Ireland began the second half at a much better pace, however. After Ford and Sexton had exchanged penalties, they registered their first try when a period of heavy pressure led to May clearing the ball into touch from close-range. Devin Toner rose highest to protect lineout ball from Lawes and fellow lock O'Connell scooped up possession with one arm before burrowing over. The successful conversion made it just a two-point game.

Paul O'Connell
Paul O'Connell scored Ireland's only try during his final international appearance on English soilGetty

Along with Parling, Tom Wood was recalled by Lancaster in order to correct England's problems at the set-piece and in the loose that contributed heavily to their downfall across the channel. He was denied a try after being stripped by Sexton en route to the line, while Joe Launchbury's decision to pass inside despite the acres of space available on the overlap almost proved costly as Ireland, secured a turnover and engineered a three-on-one situation only to be halted when Robbie Henshaw threw forward under pressure from Lawes.

Both teams had emptied their respective benches by this stage, but for England the widespread changes - including a 20-minute cameo from a certain Sam Burgess - appeared to help increase their momentum rather than stop it. Richard Wigglesworth went over despite a poor pass in the build-up from replacement Owen Farrell, but he was also to be denied after more lengthy deliberation from the Television Match Official (TMO).

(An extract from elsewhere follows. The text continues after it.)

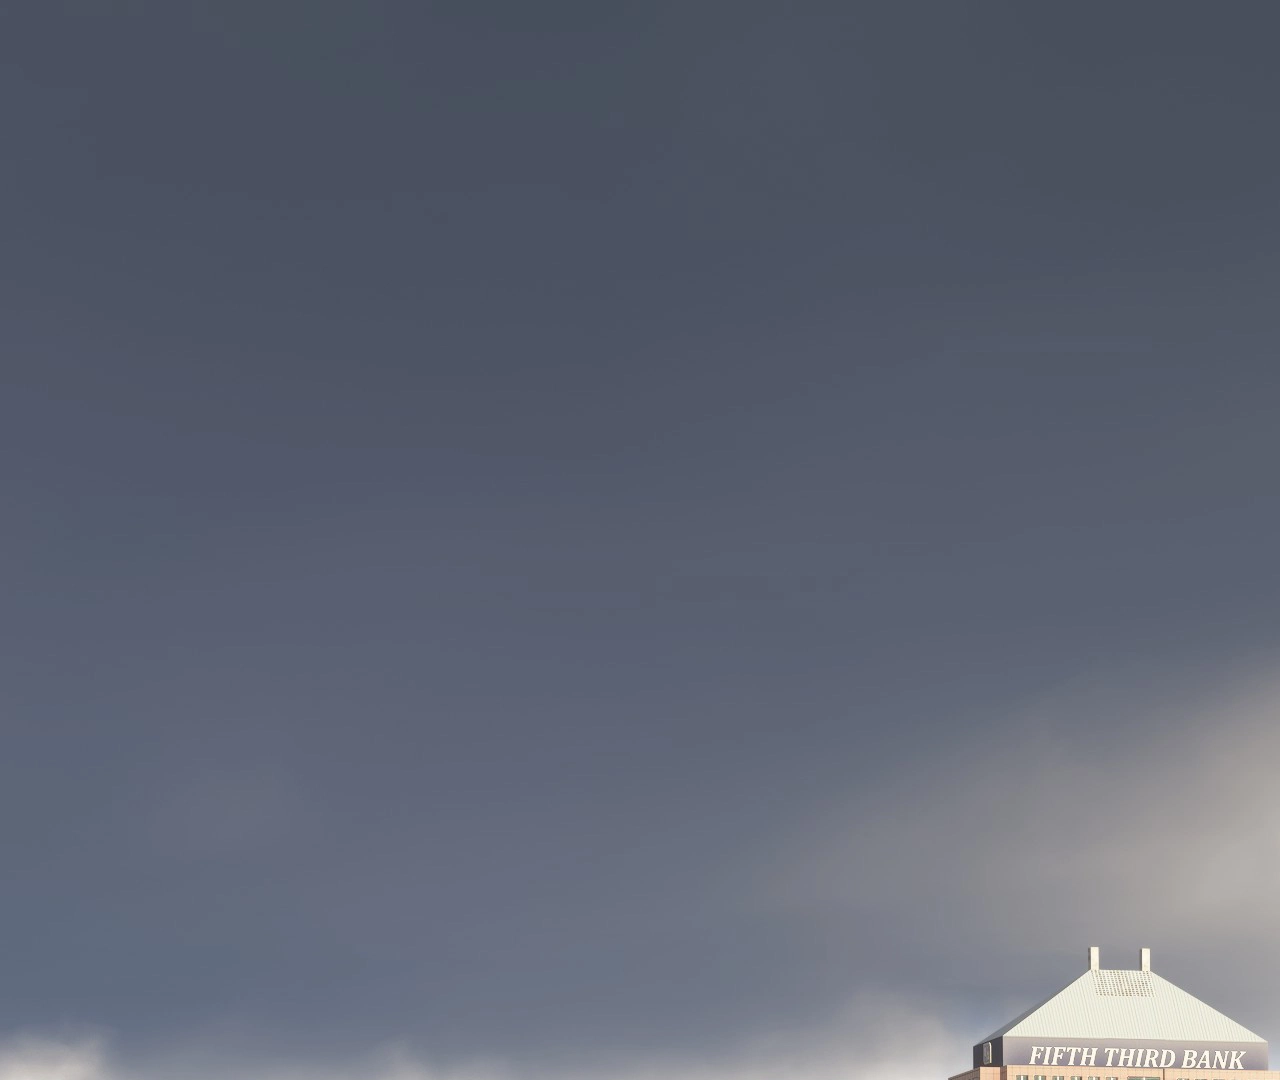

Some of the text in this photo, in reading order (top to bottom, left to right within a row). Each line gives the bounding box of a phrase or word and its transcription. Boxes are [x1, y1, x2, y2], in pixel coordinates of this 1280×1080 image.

[1028, 1046, 1247, 1070] FIFTH THIRD BANK

With the clock ticking down to a nervy final seven minutes, Munster back-rower Peter O'Mahony was penalised for going in at the side of a maul. Farrell steadied himself and kicked the penalty to give his side some extra breathing space at 18-13 and victory was all but confirmed moments later when the Saracens fly-half secured another three points after good work from the tireless Lawes.